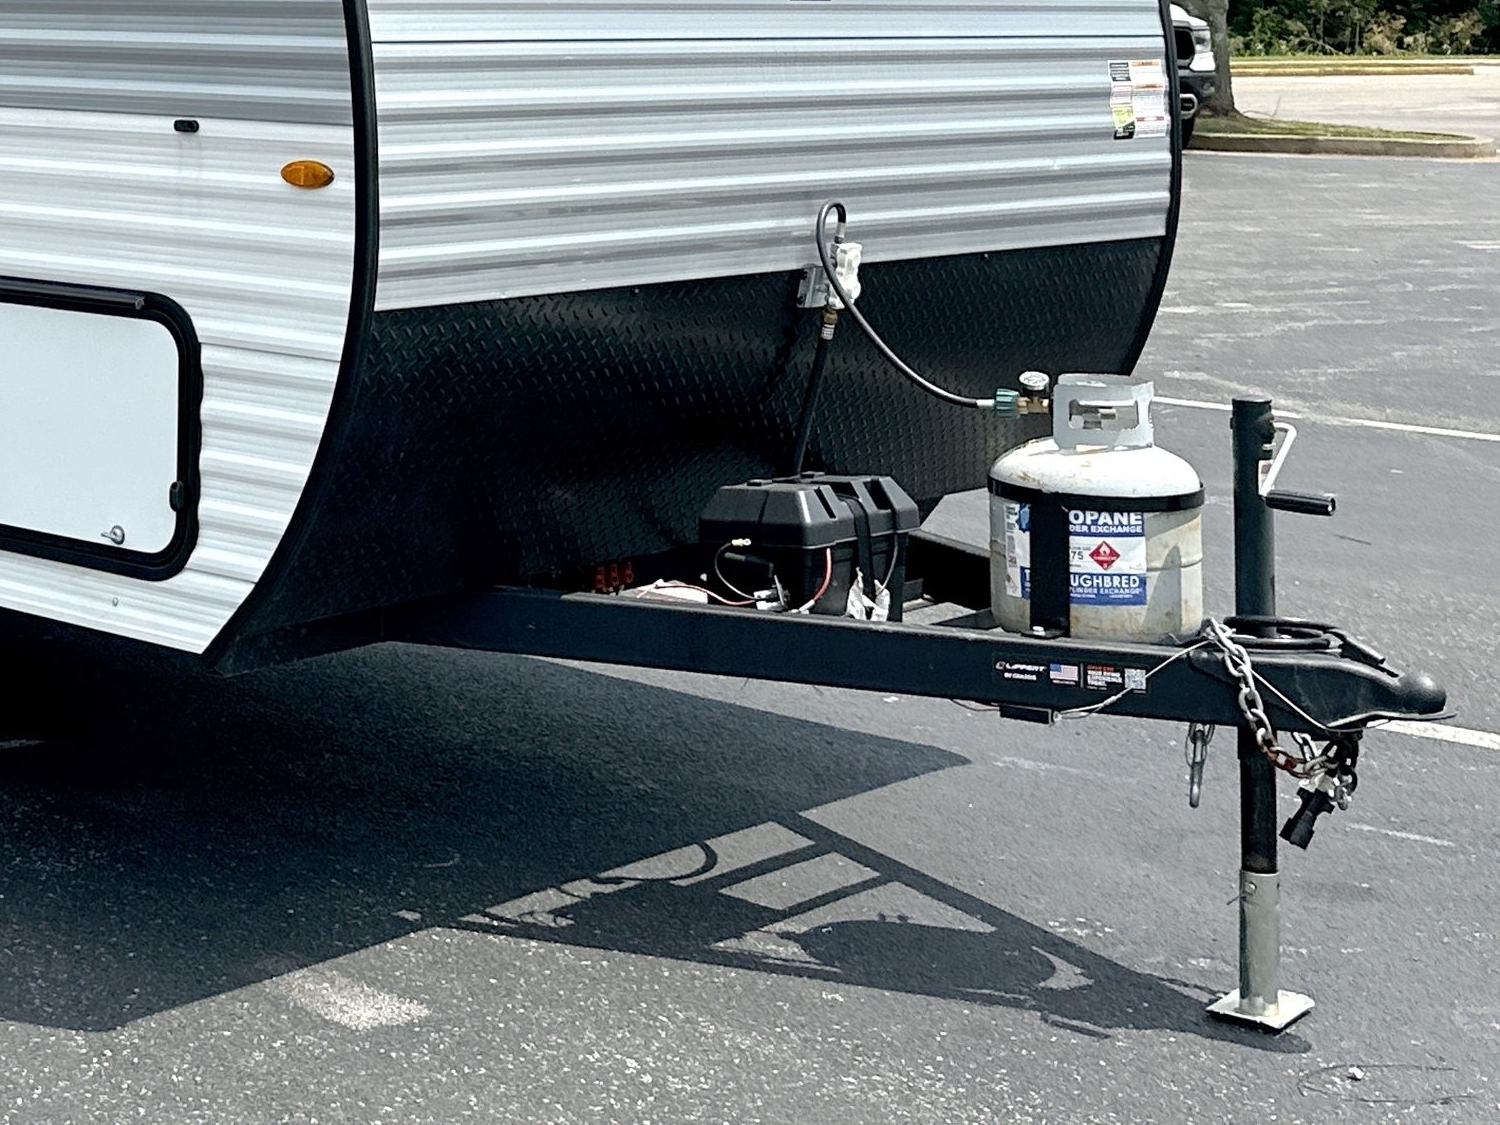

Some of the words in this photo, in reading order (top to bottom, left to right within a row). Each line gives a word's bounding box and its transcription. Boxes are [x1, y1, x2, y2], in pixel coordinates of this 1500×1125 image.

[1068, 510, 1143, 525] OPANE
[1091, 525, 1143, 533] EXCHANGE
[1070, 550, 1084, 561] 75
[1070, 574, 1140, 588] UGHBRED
# # #
*About this task*
Every line of the data is to be transcribed exactly, and no picture is to be included.

*Answer area*
Some of the words in this photo, in reading order (top to bottom, left to right within a row). Each line gives a word's bounding box and its transcription. Boxes are [x1, y1, x2, y2], in pixel coordinates of this 1500×1125 image.

[1068, 510, 1143, 525] OPANE
[1091, 525, 1143, 533] EXCHANGE
[1070, 550, 1084, 561] 75
[1070, 574, 1140, 588] UGHBRED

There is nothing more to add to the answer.